- _THE DATA_
"""
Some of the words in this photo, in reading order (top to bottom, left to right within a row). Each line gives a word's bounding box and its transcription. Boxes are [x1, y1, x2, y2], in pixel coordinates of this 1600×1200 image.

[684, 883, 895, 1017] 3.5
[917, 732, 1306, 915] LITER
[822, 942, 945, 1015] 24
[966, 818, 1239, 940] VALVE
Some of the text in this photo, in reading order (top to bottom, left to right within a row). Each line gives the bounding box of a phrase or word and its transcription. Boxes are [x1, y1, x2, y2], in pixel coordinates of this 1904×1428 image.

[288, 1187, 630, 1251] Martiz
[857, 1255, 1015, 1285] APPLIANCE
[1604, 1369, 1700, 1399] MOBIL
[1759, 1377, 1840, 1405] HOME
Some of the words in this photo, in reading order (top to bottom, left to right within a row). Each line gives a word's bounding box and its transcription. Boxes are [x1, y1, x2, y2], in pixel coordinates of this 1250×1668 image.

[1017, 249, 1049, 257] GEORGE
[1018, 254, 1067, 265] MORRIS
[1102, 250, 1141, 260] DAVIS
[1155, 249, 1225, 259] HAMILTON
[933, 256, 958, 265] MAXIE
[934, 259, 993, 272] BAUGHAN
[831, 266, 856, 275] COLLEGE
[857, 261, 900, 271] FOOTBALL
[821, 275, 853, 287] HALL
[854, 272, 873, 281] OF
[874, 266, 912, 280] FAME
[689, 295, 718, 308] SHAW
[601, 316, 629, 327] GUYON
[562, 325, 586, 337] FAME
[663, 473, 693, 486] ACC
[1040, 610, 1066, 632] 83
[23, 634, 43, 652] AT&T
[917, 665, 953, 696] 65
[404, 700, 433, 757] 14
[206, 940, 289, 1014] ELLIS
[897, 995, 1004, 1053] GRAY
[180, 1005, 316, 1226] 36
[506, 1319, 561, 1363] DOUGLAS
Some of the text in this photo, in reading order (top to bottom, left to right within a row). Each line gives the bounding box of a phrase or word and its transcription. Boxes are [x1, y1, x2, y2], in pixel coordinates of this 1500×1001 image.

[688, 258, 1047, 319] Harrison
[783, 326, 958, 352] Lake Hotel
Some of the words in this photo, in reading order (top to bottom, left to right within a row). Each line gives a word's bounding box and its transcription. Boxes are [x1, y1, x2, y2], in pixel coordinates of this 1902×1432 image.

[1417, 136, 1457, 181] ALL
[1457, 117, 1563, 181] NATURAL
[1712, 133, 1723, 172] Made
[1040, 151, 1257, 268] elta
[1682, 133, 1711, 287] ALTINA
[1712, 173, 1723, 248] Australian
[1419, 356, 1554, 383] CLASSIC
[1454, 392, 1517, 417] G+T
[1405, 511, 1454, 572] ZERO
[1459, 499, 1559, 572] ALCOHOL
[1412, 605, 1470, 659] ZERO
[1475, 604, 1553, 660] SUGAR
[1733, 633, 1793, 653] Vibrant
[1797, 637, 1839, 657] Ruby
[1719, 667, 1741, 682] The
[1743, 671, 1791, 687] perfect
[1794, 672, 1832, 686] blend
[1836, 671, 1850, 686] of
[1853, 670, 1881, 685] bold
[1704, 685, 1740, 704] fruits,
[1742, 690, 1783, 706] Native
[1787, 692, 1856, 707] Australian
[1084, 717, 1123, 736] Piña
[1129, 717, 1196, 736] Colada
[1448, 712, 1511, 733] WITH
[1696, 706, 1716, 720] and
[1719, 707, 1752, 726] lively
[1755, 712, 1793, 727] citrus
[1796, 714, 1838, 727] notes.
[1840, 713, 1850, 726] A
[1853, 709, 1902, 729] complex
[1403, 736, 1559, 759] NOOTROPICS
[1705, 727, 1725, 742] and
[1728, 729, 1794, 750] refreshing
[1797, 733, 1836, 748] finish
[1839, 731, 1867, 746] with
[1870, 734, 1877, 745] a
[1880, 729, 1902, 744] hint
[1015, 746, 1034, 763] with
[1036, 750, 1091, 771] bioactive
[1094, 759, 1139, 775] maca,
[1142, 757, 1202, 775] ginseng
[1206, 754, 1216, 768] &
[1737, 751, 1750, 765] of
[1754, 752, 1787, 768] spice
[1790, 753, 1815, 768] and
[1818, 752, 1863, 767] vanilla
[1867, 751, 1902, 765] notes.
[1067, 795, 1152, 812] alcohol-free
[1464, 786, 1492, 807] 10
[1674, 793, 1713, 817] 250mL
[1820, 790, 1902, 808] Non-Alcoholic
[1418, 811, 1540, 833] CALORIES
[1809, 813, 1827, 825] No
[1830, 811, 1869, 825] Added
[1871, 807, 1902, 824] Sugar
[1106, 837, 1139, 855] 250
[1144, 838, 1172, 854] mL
"""
- _TASK TO COMPLETE_
Every line of the data above should be output exactly as written.

- _RESPONSE TO THE EXERCISE_
Some of the words in this photo, in reading order (top to bottom, left to right within a row). Each line gives a word's bounding box and its transcription. Boxes are [x1, y1, x2, y2], in pixel coordinates of this 1600×1200 image.

[684, 883, 895, 1017] 3.5
[917, 732, 1306, 915] LITER
[822, 942, 945, 1015] 24
[966, 818, 1239, 940] VALVE
Some of the text in this photo, in reading order (top to bottom, left to right within a row). Each line gives the bounding box of a phrase or word and its transcription. Boxes are [x1, y1, x2, y2], in pixel coordinates of this 1904×1428 image.

[288, 1187, 630, 1251] Martiz
[857, 1255, 1015, 1285] APPLIANCE
[1604, 1369, 1700, 1399] MOBIL
[1759, 1377, 1840, 1405] HOME
Some of the words in this photo, in reading order (top to bottom, left to right within a row). Each line gives a word's bounding box and its transcription. Boxes are [x1, y1, x2, y2], in pixel coordinates of this 1250×1668 image.

[1017, 249, 1049, 257] GEORGE
[1018, 254, 1067, 265] MORRIS
[1102, 250, 1141, 260] DAVIS
[1155, 249, 1225, 259] HAMILTON
[933, 256, 958, 265] MAXIE
[934, 259, 993, 272] BAUGHAN
[831, 266, 856, 275] COLLEGE
[857, 261, 900, 271] FOOTBALL
[821, 275, 853, 287] HALL
[854, 272, 873, 281] OF
[874, 266, 912, 280] FAME
[689, 295, 718, 308] SHAW
[601, 316, 629, 327] GUYON
[562, 325, 586, 337] FAME
[663, 473, 693, 486] ACC
[1040, 610, 1066, 632] 83
[23, 634, 43, 652] AT&T
[917, 665, 953, 696] 65
[404, 700, 433, 757] 14
[206, 940, 289, 1014] ELLIS
[897, 995, 1004, 1053] GRAY
[180, 1005, 316, 1226] 36
[506, 1319, 561, 1363] DOUGLAS
Some of the text in this photo, in reading order (top to bottom, left to right within a row). Each line gives the bounding box of a phrase or word and its transcription. Boxes are [x1, y1, x2, y2], in pixel coordinates of this 1500×1001 image.

[688, 258, 1047, 319] Harrison
[783, 326, 958, 352] Lake Hotel
Some of the words in this photo, in reading order (top to bottom, left to right within a row). Each line gives a word's bounding box and its transcription. Boxes are [x1, y1, x2, y2], in pixel coordinates of this 1902×1432 image.

[1417, 136, 1457, 181] ALL
[1457, 117, 1563, 181] NATURAL
[1712, 133, 1723, 172] Made
[1040, 151, 1257, 268] elta
[1682, 133, 1711, 287] ALTINA
[1712, 173, 1723, 248] Australian
[1419, 356, 1554, 383] CLASSIC
[1454, 392, 1517, 417] G+T
[1405, 511, 1454, 572] ZERO
[1459, 499, 1559, 572] ALCOHOL
[1412, 605, 1470, 659] ZERO
[1475, 604, 1553, 660] SUGAR
[1733, 633, 1793, 653] Vibrant
[1797, 637, 1839, 657] Ruby
[1719, 667, 1741, 682] The
[1743, 671, 1791, 687] perfect
[1794, 672, 1832, 686] blend
[1836, 671, 1850, 686] of
[1853, 670, 1881, 685] bold
[1704, 685, 1740, 704] fruits,
[1742, 690, 1783, 706] Native
[1787, 692, 1856, 707] Australian
[1084, 717, 1123, 736] Piña
[1129, 717, 1196, 736] Colada
[1448, 712, 1511, 733] WITH
[1696, 706, 1716, 720] and
[1719, 707, 1752, 726] lively
[1755, 712, 1793, 727] citrus
[1796, 714, 1838, 727] notes.
[1840, 713, 1850, 726] A
[1853, 709, 1902, 729] complex
[1403, 736, 1559, 759] NOOTROPICS
[1705, 727, 1725, 742] and
[1728, 729, 1794, 750] refreshing
[1797, 733, 1836, 748] finish
[1839, 731, 1867, 746] with
[1870, 734, 1877, 745] a
[1880, 729, 1902, 744] hint
[1015, 746, 1034, 763] with
[1036, 750, 1091, 771] bioactive
[1094, 759, 1139, 775] maca,
[1142, 757, 1202, 775] ginseng
[1206, 754, 1216, 768] &
[1737, 751, 1750, 765] of
[1754, 752, 1787, 768] spice
[1790, 753, 1815, 768] and
[1818, 752, 1863, 767] vanilla
[1867, 751, 1902, 765] notes.
[1067, 795, 1152, 812] alcohol-free
[1464, 786, 1492, 807] 10
[1674, 793, 1713, 817] 250mL
[1820, 790, 1902, 808] Non-Alcoholic
[1418, 811, 1540, 833] CALORIES
[1809, 813, 1827, 825] No
[1830, 811, 1869, 825] Added
[1871, 807, 1902, 824] Sugar
[1106, 837, 1139, 855] 250
[1144, 838, 1172, 854] mL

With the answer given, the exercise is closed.